Introducing producer responsibility could be one solution, says Panate Manomaivibool of the International Institute for Industrial Environmental Economics (IIIEE) at Lund University, Sweden, in a new thesis.

In recent years, the problems of waste electrical and electronic equipment (WEEE) in China, India and various African countries have been highlighted. Unregulated recycling in these countries has led to toxic substances such as lead and mercury from televisions, PVC from wire coating and brominated flame retardants from plastics leaching into the environment and poisoning people. Both the poor people who work with recycling and local residents have been affected.

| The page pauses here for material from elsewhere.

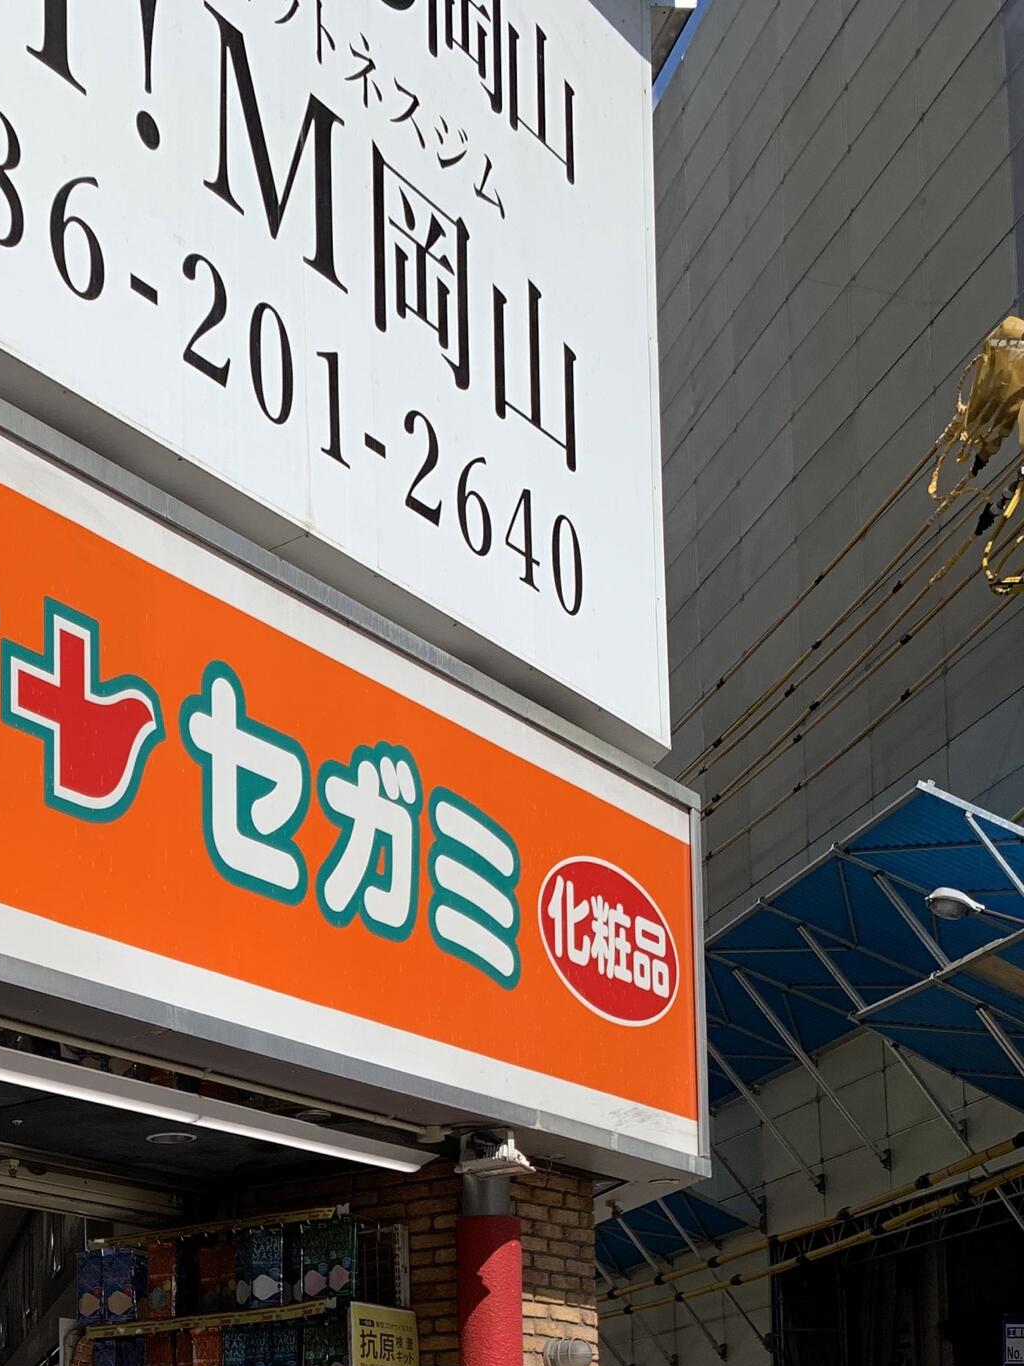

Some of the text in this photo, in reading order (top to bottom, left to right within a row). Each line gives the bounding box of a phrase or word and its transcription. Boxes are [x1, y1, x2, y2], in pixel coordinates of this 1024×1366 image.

[183, 662, 520, 988] セガミ
[547, 875, 670, 998] 化粧品
[360, 1329, 395, 1362] 抗原

Initially, a lot of the hazardous electrical and electronic waste was exported from the West in breach of the Basel Convention. More recent studies also show that WEEE from domestic consumption has increased sharply in emerging and developing economies. Faced with this growing problem, a number of these countries are now developing systems and legislation for the management of WEEE.

Panate Manomaivibool’s thesis shows how lessons can be learnt from the OECD countries’ solutions when tackling the problem and developing relevant legislation.

Producer responsibility is a key part of the solution. It creates incentives not only to improve the recyclability of the product but also to improve other aspects of the product system. This could mean better waste management technology and methods or changes to the design of products to facilitate waste management. This helps to reduce the amount of toxic substances in the materials and components.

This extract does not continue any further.